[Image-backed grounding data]
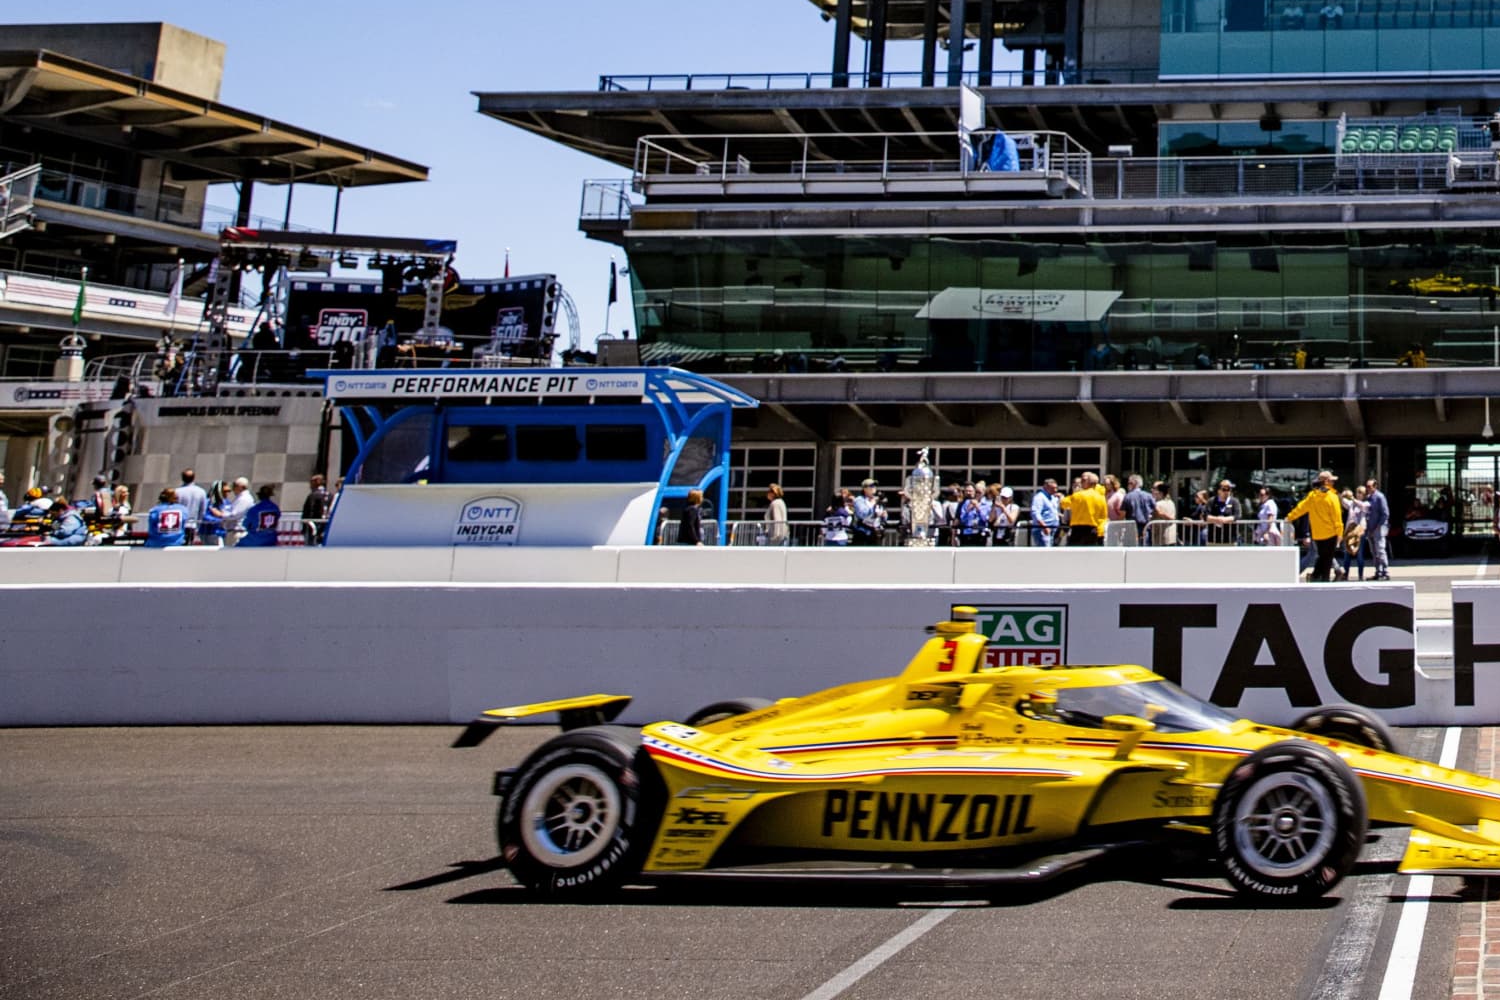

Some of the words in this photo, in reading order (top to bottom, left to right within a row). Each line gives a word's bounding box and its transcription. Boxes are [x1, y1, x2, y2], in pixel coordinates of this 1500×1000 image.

[328, 316, 358, 326] INDY
[316, 327, 367, 347] 500
[392, 377, 541, 394] PERFORMANCE
[546, 376, 579, 392] PIT
[484, 507, 513, 518] NTT
[457, 525, 514, 535] INDYCAR
[936, 640, 959, 672] 3
[822, 788, 1038, 841] PENNZOIL
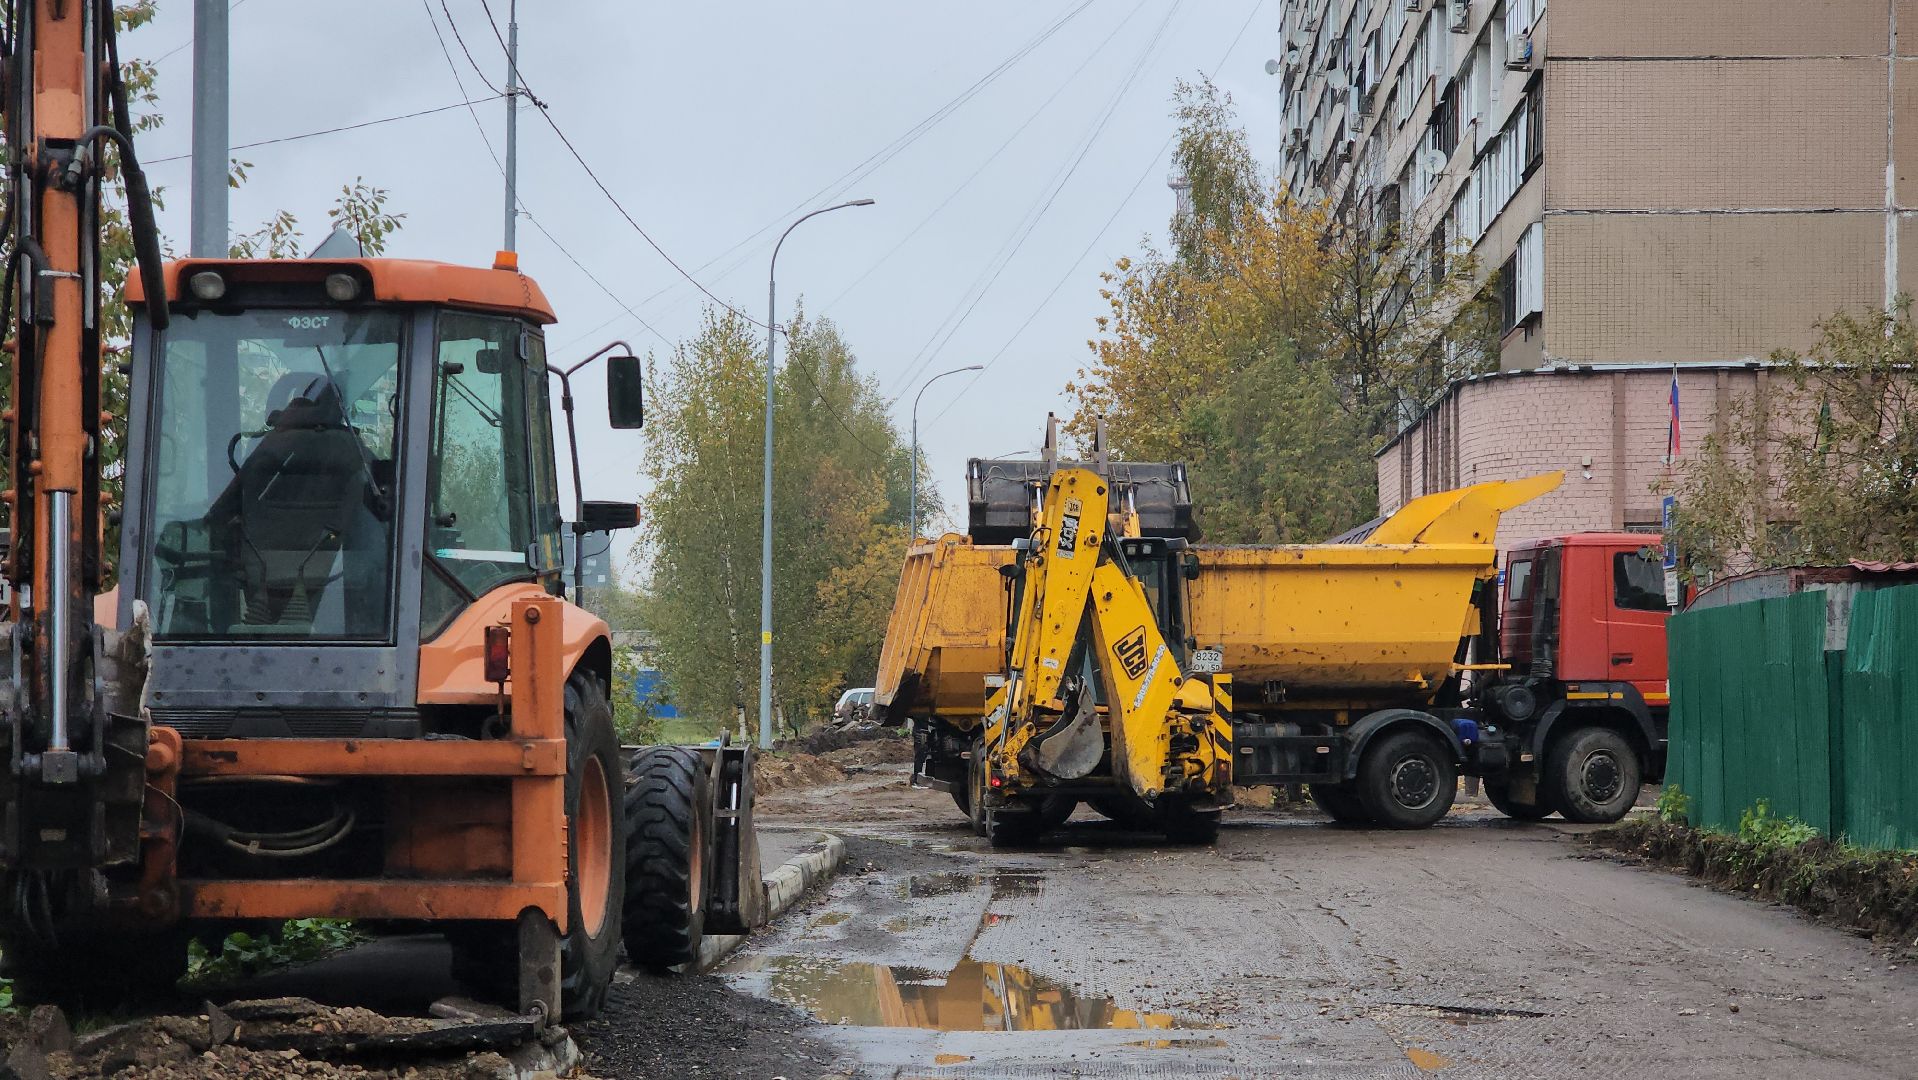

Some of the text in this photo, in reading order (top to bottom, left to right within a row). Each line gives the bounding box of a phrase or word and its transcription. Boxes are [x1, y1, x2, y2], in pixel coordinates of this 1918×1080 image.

[288, 316, 329, 328] ФЭСТ
[1117, 633, 1146, 677] JCB
[1196, 652, 1219, 661] 8232
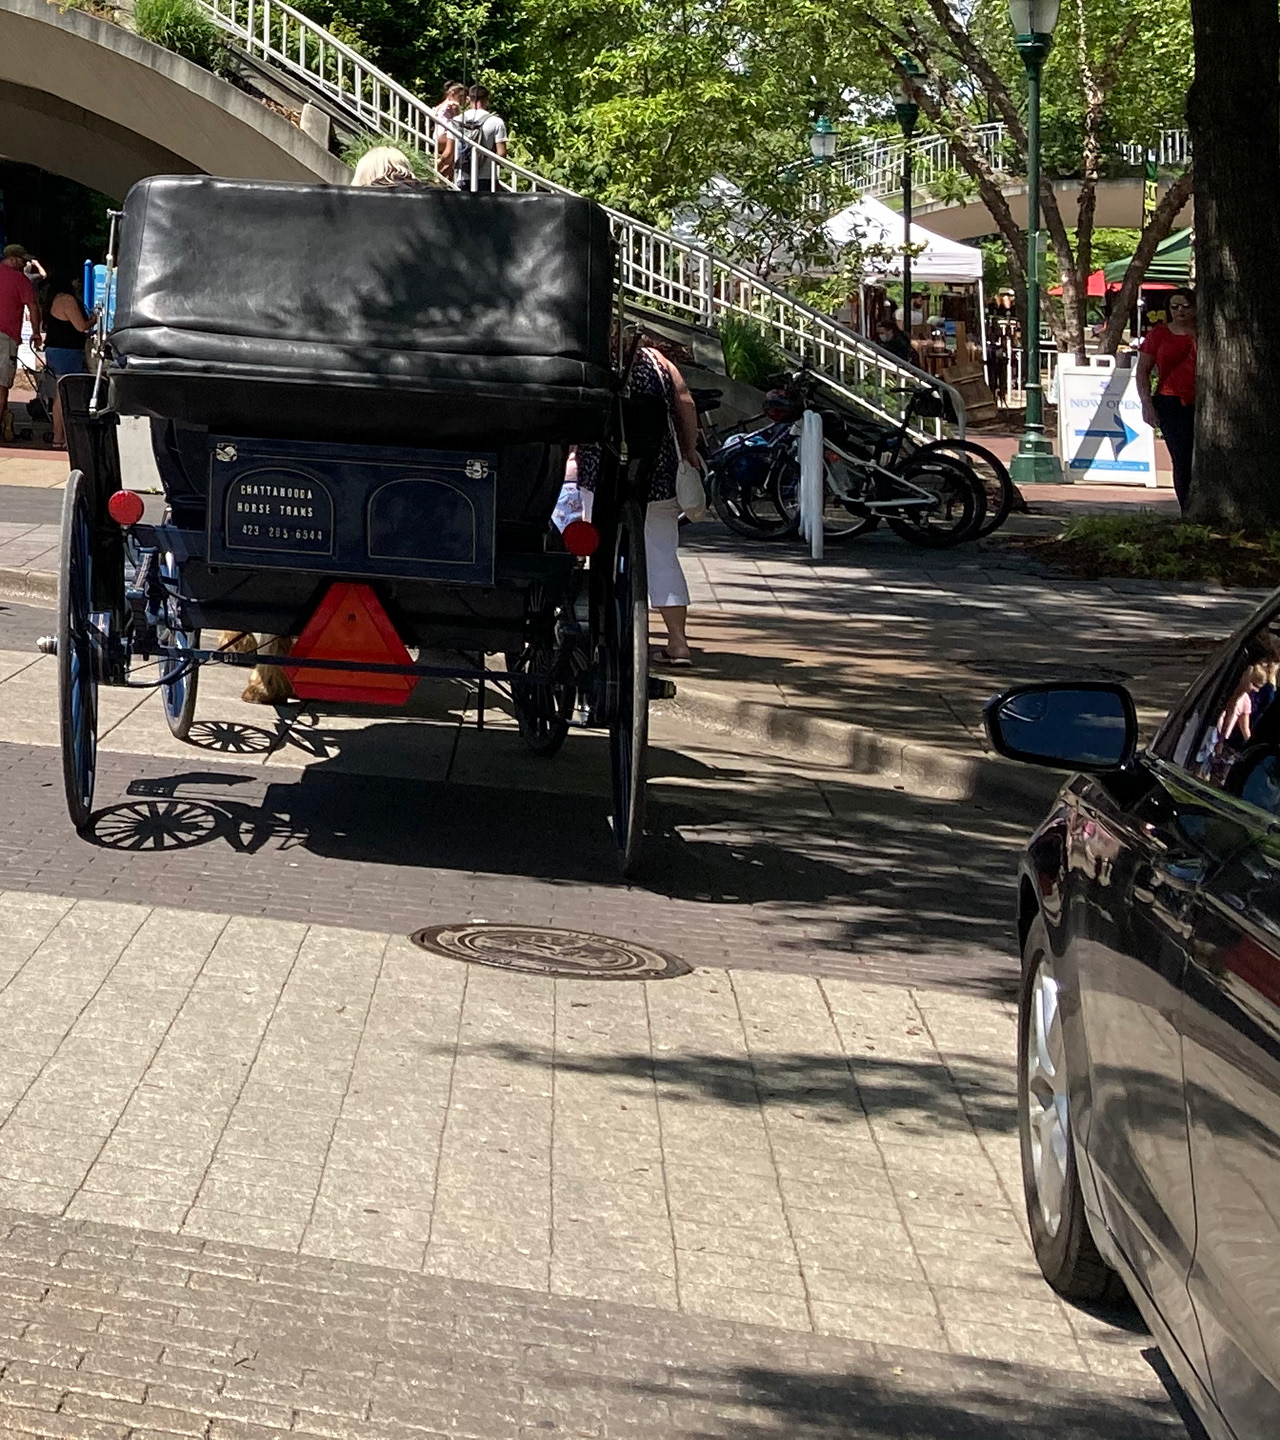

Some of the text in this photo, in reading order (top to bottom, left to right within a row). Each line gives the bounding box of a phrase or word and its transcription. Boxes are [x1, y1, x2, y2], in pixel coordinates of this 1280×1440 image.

[1070, 398, 1141, 410] NOW OPEN
[237, 502, 271, 514] HORSE
[242, 524, 259, 535] 423
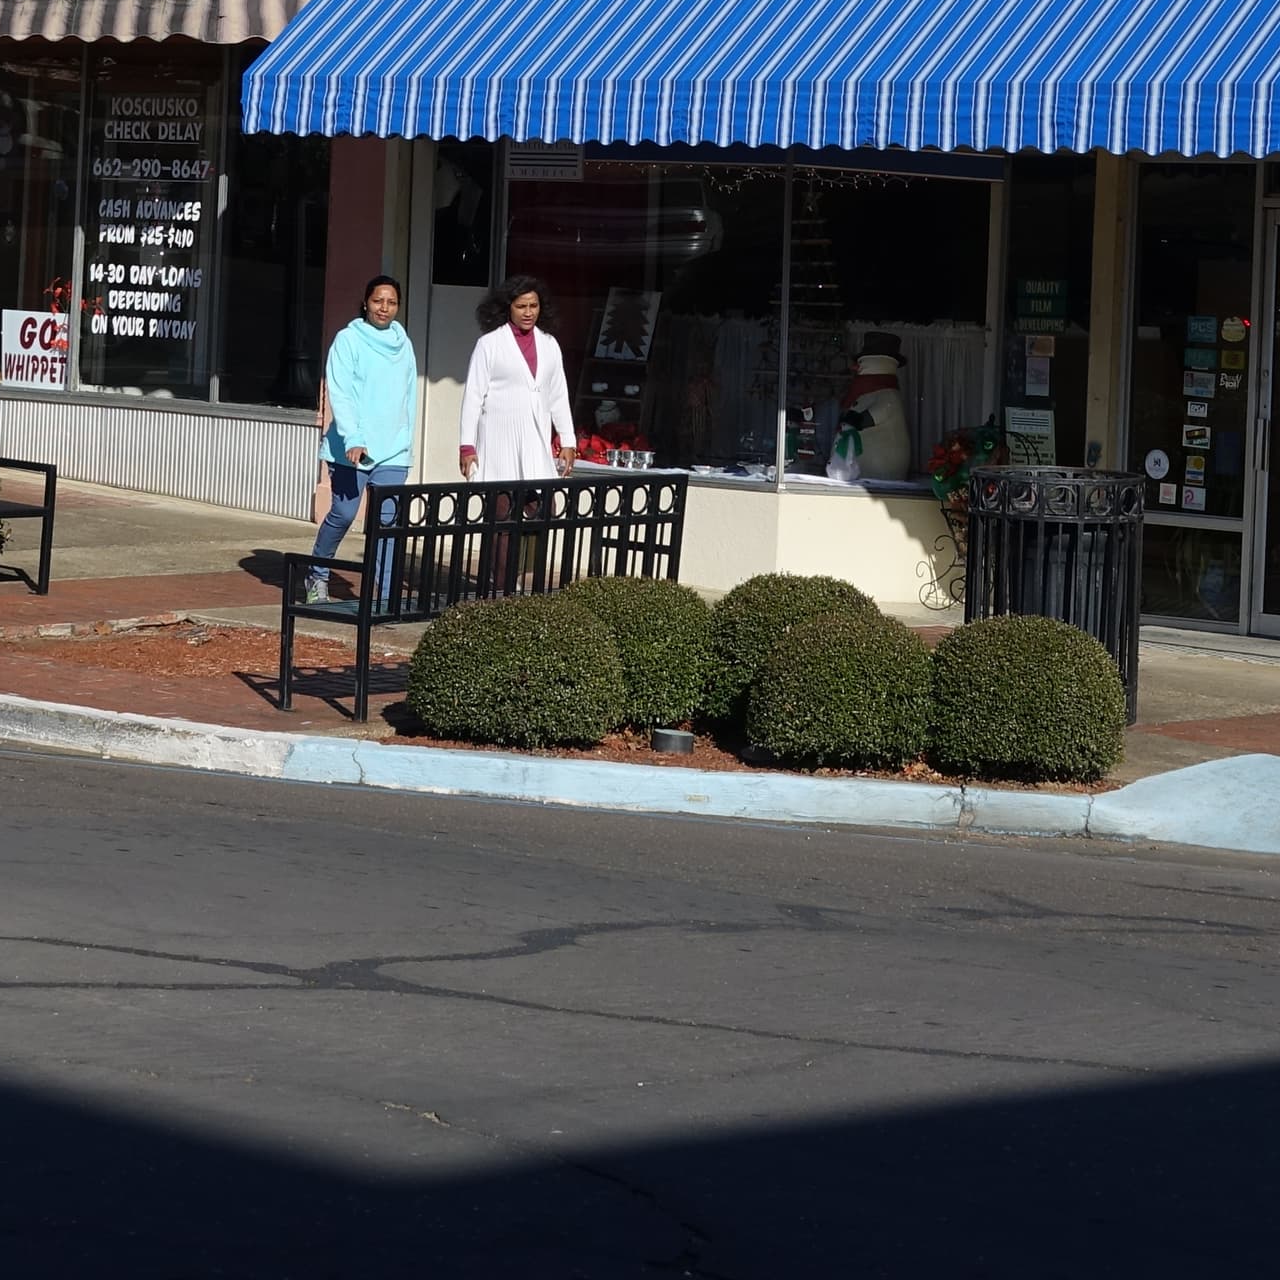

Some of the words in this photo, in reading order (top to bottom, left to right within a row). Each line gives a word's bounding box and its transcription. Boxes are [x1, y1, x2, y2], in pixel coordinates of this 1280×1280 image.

[111, 96, 198, 117] KOSCIUSKO
[104, 120, 151, 141] CHECK
[158, 121, 203, 142] DELAY
[92, 157, 210, 179] 662-290-8647
[98, 199, 130, 219] CASH
[136, 199, 202, 222] ADVANCES
[99, 223, 135, 245] FROM
[140, 224, 195, 249] $25-$410
[89, 263, 125, 284] 14-30
[130, 265, 156, 286] DAY
[161, 266, 203, 289] LOANS
[108, 289, 182, 314] DEPENDING
[19, 316, 57, 351] GO
[91, 314, 108, 336] ON
[112, 315, 145, 338] YOUR
[149, 316, 197, 341] PAYDAY
[4, 352, 68, 385] WHIPPET

(DIRECTIONS): All of the records need to be restated word for word, but not the pictures.

(YOUR RESPONSE):
Some of the words in this photo, in reading order (top to bottom, left to right within a row). Each line gives a word's bounding box and its transcription. Boxes are [x1, y1, x2, y2], in pixel coordinates of this 1500×1000 image.

[328, 316, 358, 326] INDY
[316, 327, 367, 347] 500
[392, 377, 541, 394] PERFORMANCE
[546, 376, 579, 392] PIT
[484, 507, 513, 518] NTT
[457, 525, 514, 535] INDYCAR
[936, 640, 959, 672] 3
[822, 788, 1038, 841] PENNZOIL

Some of the text in this photo, in reading order (top to bottom, left to right within a row). Each line gives the bounding box of a phrase or word and its transcription. Boxes are [x1, y1, x2, y2], in pixel coordinates of this 1918×1080 image.

[288, 316, 329, 328] ФЭСТ
[1117, 633, 1146, 677] JCB
[1196, 652, 1219, 661] 8232

Some of the text in this photo, in reading order (top to bottom, left to right within a row). Each line gives the bounding box of a phrase or word and its transcription. Boxes are [x1, y1, x2, y2], in pixel coordinates of this 1280×1440 image.

[1070, 398, 1141, 410] NOW OPEN
[237, 502, 271, 514] HORSE
[242, 524, 259, 535] 423

Some of the words in this photo, in reading order (top to bottom, left to right within a row). Each line gives a word's bounding box and its transcription. Boxes are [x1, y1, x2, y2], in pixel coordinates of this 1280×1280 image.

[111, 96, 198, 117] KOSCIUSKO
[104, 120, 151, 141] CHECK
[158, 121, 203, 142] DELAY
[92, 157, 210, 179] 662-290-8647
[98, 199, 130, 219] CASH
[136, 199, 202, 222] ADVANCES
[99, 223, 135, 245] FROM
[140, 224, 195, 249] $25-$410
[89, 263, 125, 284] 14-30
[130, 265, 156, 286] DAY
[161, 266, 203, 289] LOANS
[108, 289, 182, 314] DEPENDING
[19, 316, 57, 351] GO
[91, 314, 108, 336] ON
[112, 315, 145, 338] YOUR
[149, 316, 197, 341] PAYDAY
[4, 352, 68, 385] WHIPPET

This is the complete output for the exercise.